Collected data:

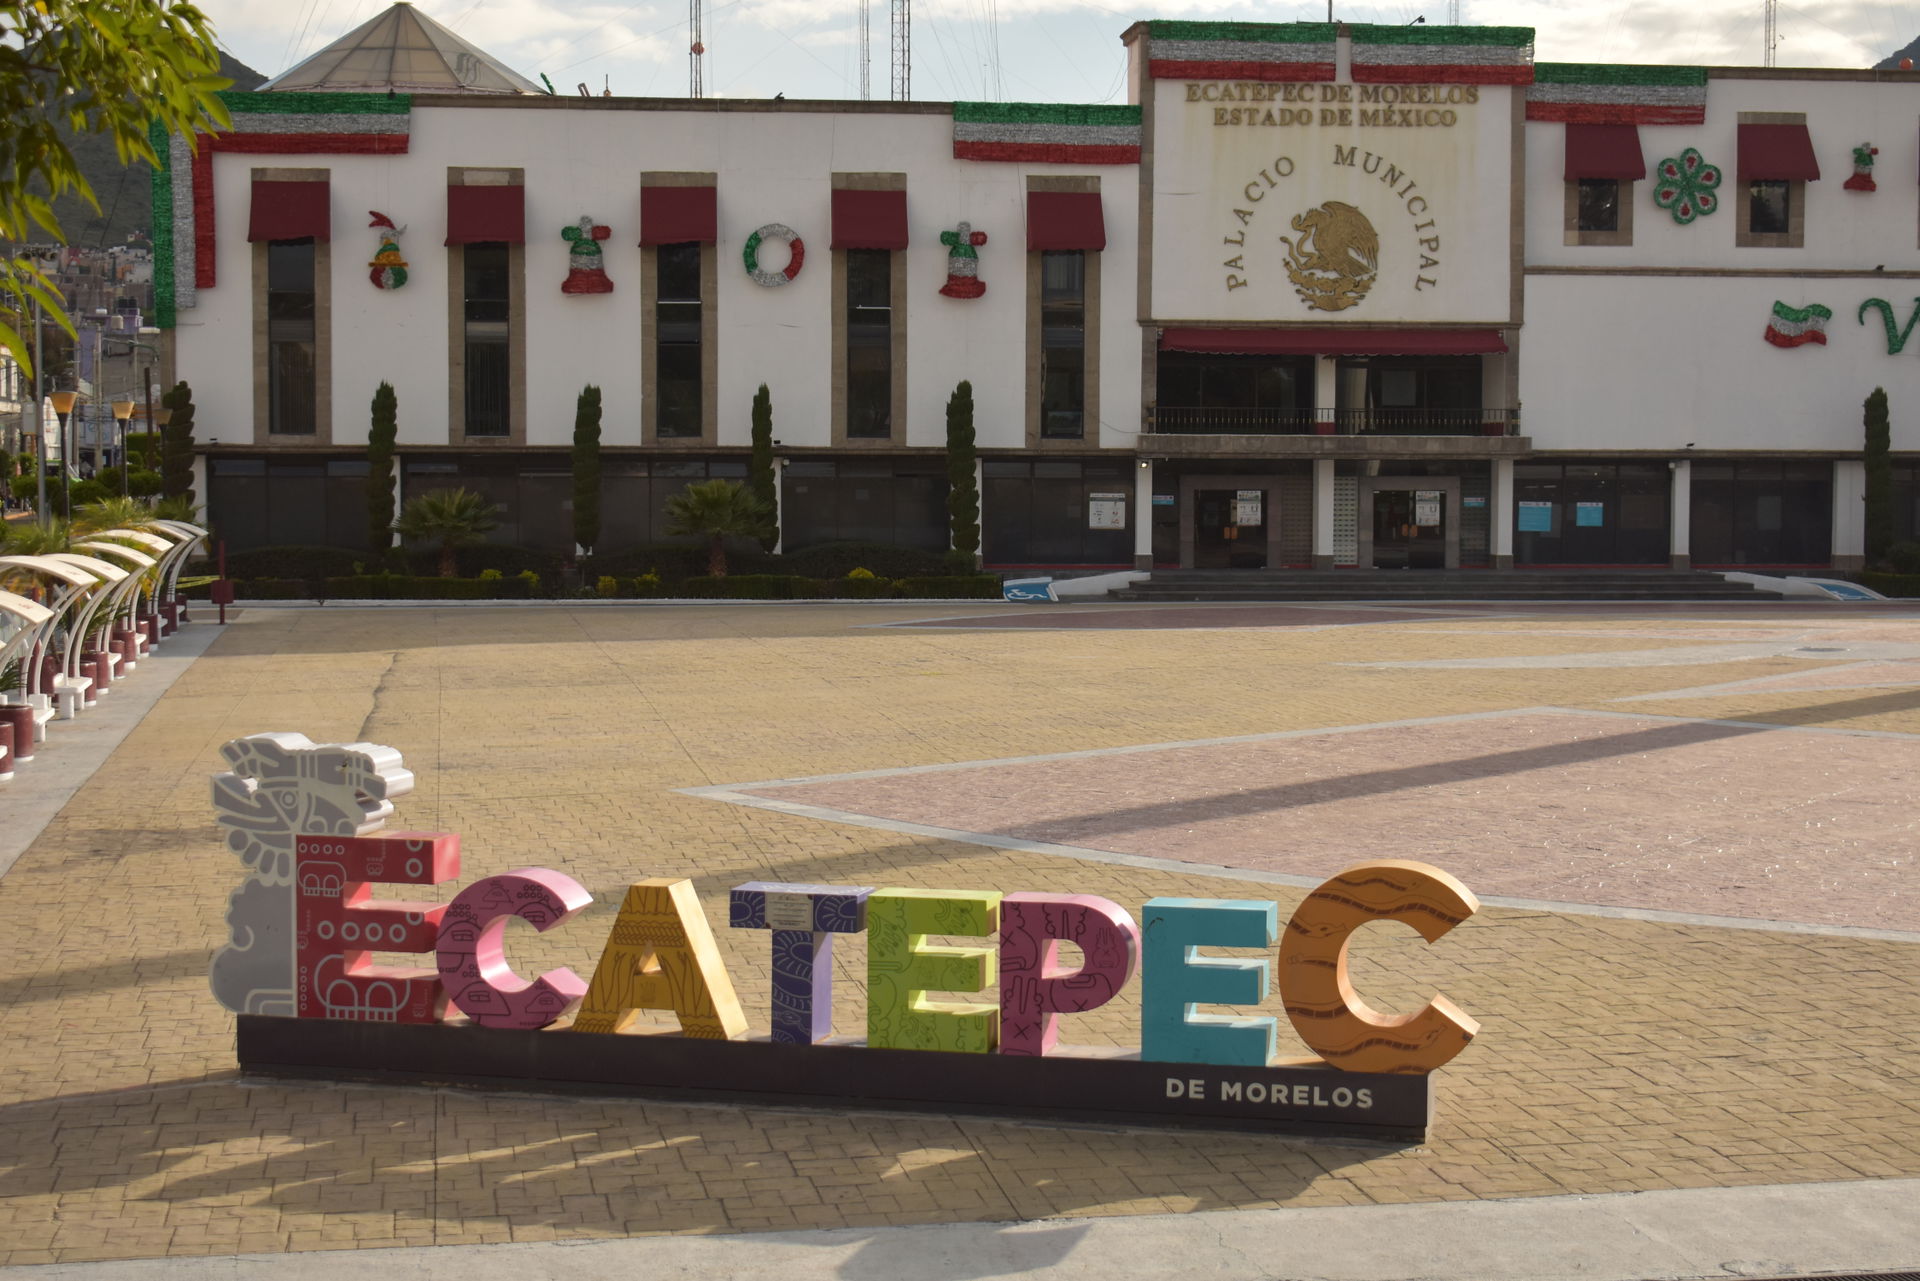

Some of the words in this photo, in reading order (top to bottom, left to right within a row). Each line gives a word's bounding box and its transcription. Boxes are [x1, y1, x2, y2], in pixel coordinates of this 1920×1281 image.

[1185, 83, 1315, 102] ECATEPEC
[1320, 84, 1353, 103] DE
[1359, 85, 1480, 104] MORELOS
[1213, 107, 1313, 126] ESTADO
[1320, 108, 1353, 127] DE
[1359, 105, 1457, 127] MÉXICO
[1223, 156, 1295, 292] PALACIO
[1333, 144, 1440, 292] MUNICIPAL
[296, 832, 1482, 1074] ECATEPEC
[1166, 1078, 1205, 1099] DE
[1221, 1081, 1373, 1109] MORELOS
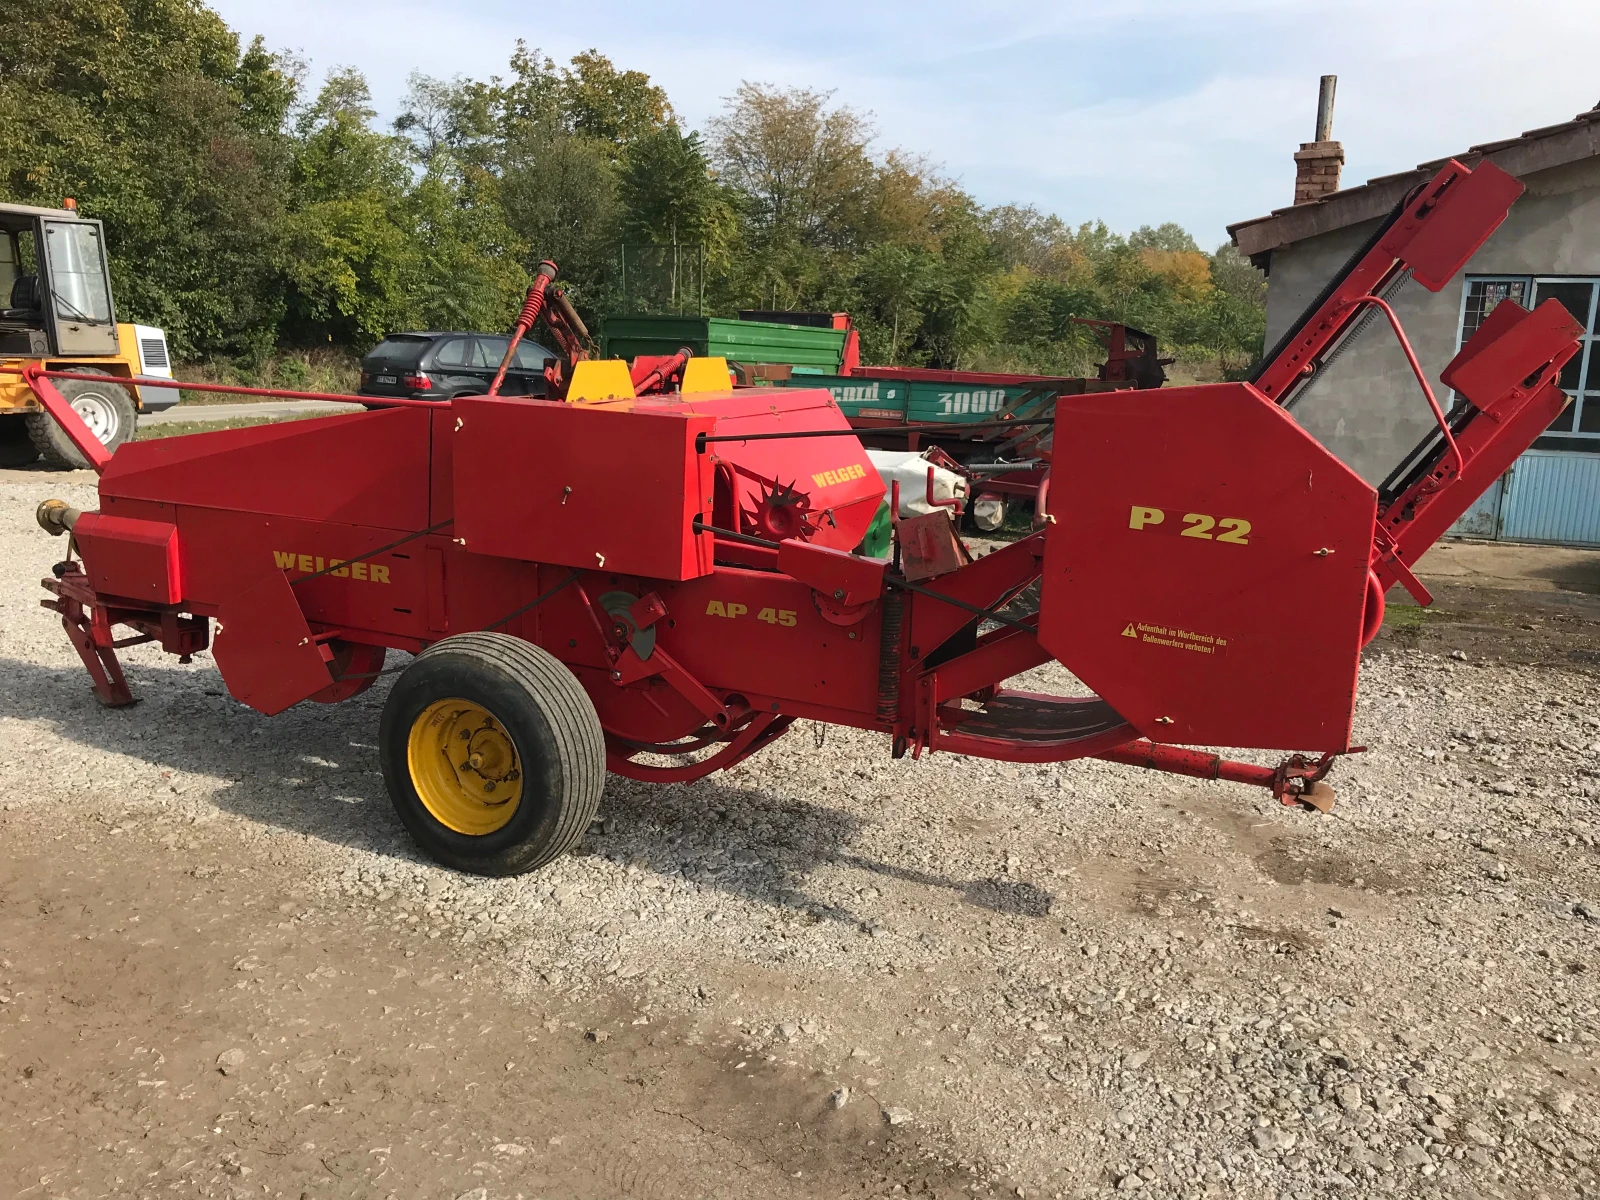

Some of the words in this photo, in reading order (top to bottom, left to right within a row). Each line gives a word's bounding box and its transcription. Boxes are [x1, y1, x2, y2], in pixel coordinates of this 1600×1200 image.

[935, 389, 1005, 415] 3000
[811, 463, 867, 488] WELGER
[1128, 505, 1165, 531] P
[1180, 513, 1252, 546] 22
[272, 550, 392, 585] WELGER
[705, 600, 748, 619] AP
[757, 607, 798, 627] 45
[1137, 622, 1167, 635] Aufenthalt
[1168, 627, 1176, 636] im
[1177, 629, 1213, 643] Wurfbereich
[1216, 637, 1227, 646] des
[1143, 634, 1184, 648] Ballenwerfers

### WORK ORDER
Lines from the one containing "this 1600×1200 image." to the end of the data are to be printed exactly, including the first and last.

### ANSWER
Some of the words in this photo, in reading order (top to bottom, left to right within a row). Each line gives a word's bounding box and its transcription. Boxes are [x1, y1, x2, y2], in pixel coordinates of this 1600×1200 image.

[935, 389, 1005, 415] 3000
[811, 463, 867, 488] WELGER
[1128, 505, 1165, 531] P
[1180, 513, 1252, 546] 22
[272, 550, 392, 585] WELGER
[705, 600, 748, 619] AP
[757, 607, 798, 627] 45
[1137, 622, 1167, 635] Aufenthalt
[1168, 627, 1176, 636] im
[1177, 629, 1213, 643] Wurfbereich
[1216, 637, 1227, 646] des
[1143, 634, 1184, 648] Ballenwerfers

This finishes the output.